Edible mushrooms are the fleshy and edible fruit bodies of several species of macrofungi (fungi which bear fruiting structures large enough to be seen with the naked eye). Edibility may be defined by criteria including the absence of poisonous effects on humans and desirable taste and aroma. Edible mushrooms are consumed for their nutritional and culinary value. Mushrooms, especially dried shiitake, are sources of umami flavor.

White mushrooms and Enoki mushrooms are some of the most common edible mushrooms, commonly sold in stores.

To ensure safety, wild mushrooms must be correctly identified before their edibility can be assumed. Deadly poisonous mushrooms that are frequently confused with edible mushrooms include several species of the genus Amanita, particularly A. phalloides, the death cap. Some mushrooms that are edible for most people can cause allergic reactions in others; old or improperly stored specimens can go rancid and cause food poisoning. Additionally, mushrooms can absorb chemicals within polluted locations, accumulating pollutants and heavy metals including arsenic and iron—sometimes in lethal concentrations.

Several varieties of fungi contain psychedelic drugs—the magic mushrooms—while variously resembling non-psychoactive species. The most commonly consumed for recreational use are Amanita muscaria (the fly agaric) and Psilocybe cubensis, with the former containing alkaloids such as muscimol and the latter predominately psilocybin.

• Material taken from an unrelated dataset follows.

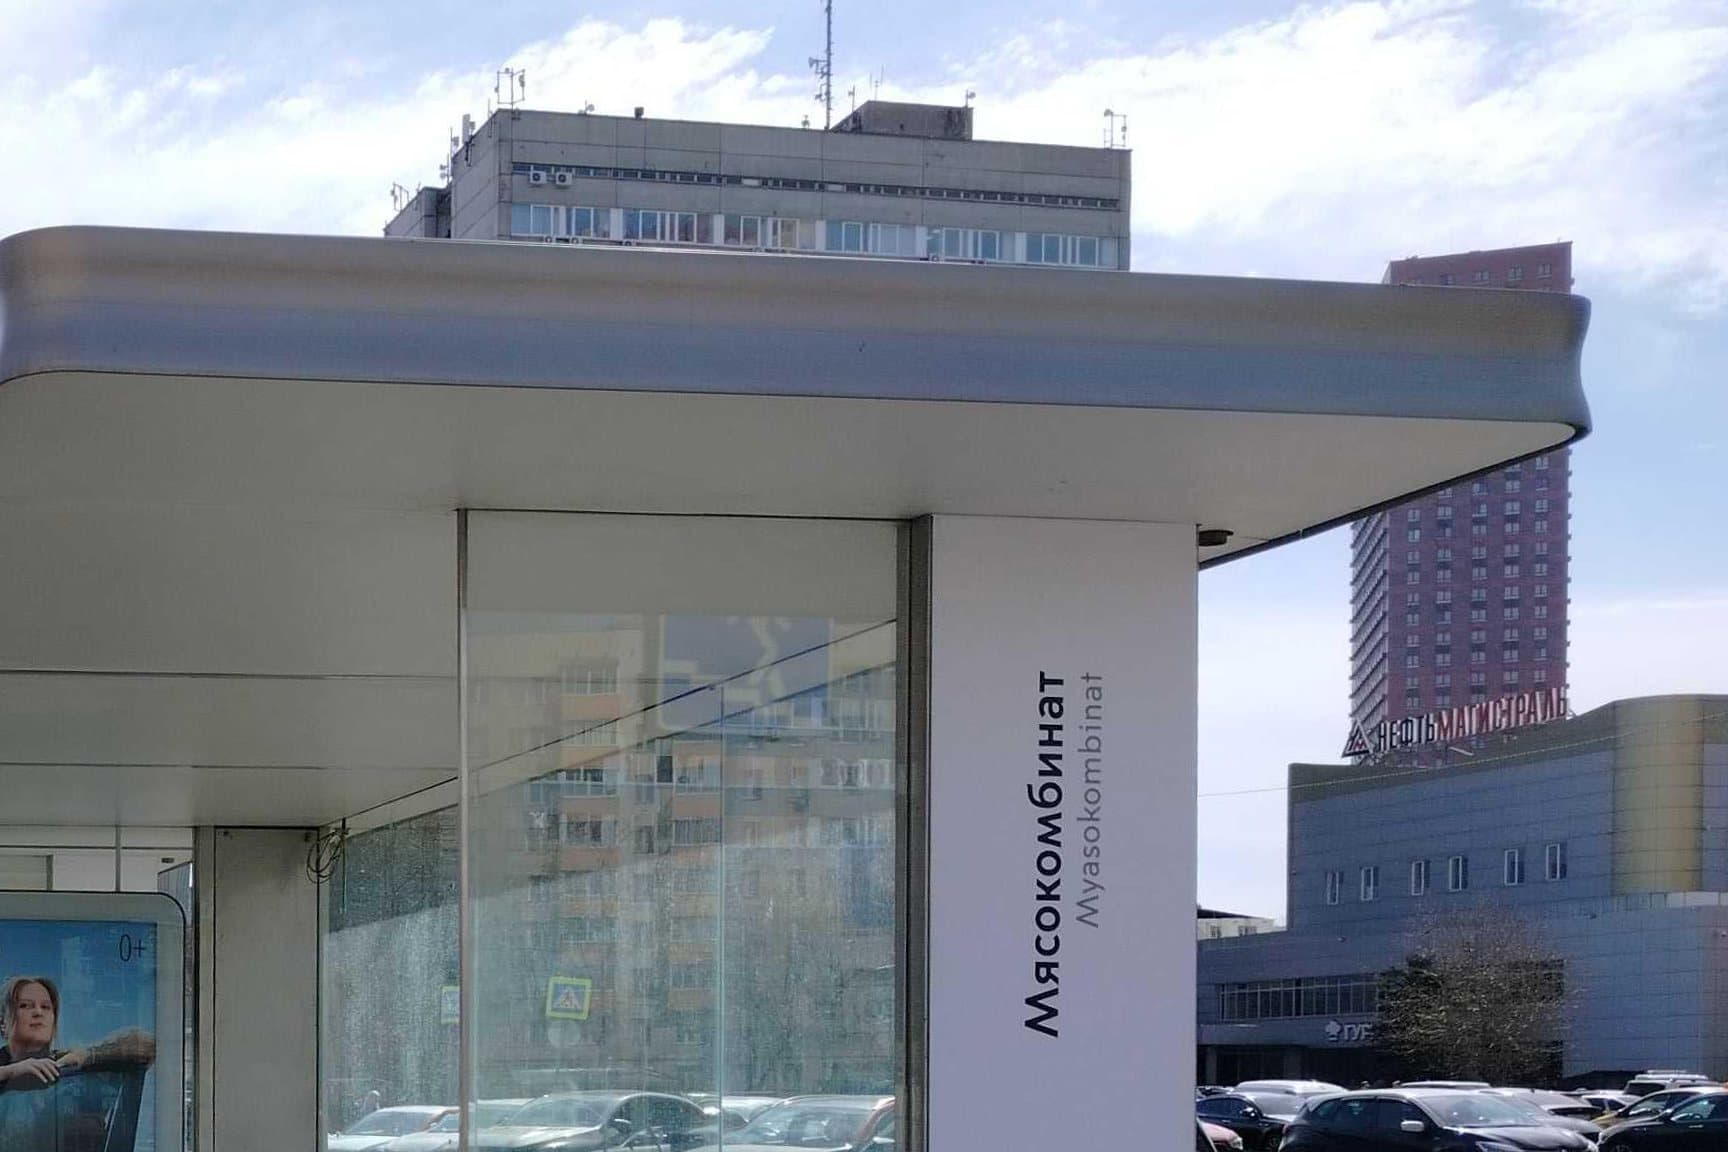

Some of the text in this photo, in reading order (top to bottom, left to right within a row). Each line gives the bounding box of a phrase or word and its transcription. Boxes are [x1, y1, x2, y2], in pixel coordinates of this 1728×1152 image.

Edible mushrooms include many fungal species that are either harvested wild or cultivated. Easily cultivated and common wild mushrooms are often available in markets; those that are more difficult to obtain (such as the prized truffle, matsutake, and morel) may be collected on a smaller scale and are sometimes available at farmers' markets or other local grocers. Despite long-term use in folk medicine, there is no scientific evidence that consuming "medicinal mushrooms" cures or lowers the risk of human diseases.

Description edit

Assorted wild edible mushrooms

Mushrooms can appear either below ground (hypogeous) or above ground (epigeous) and can be picked by hand.[1] Edibility may be defined by criteria including the absence of poisonous effects on humans and desirable taste and aroma.[2] Edible mushrooms are consumed for their nutritional and culinary value. Mushrooms, especially dried shiitake, are sources of umami flavor.[3][4]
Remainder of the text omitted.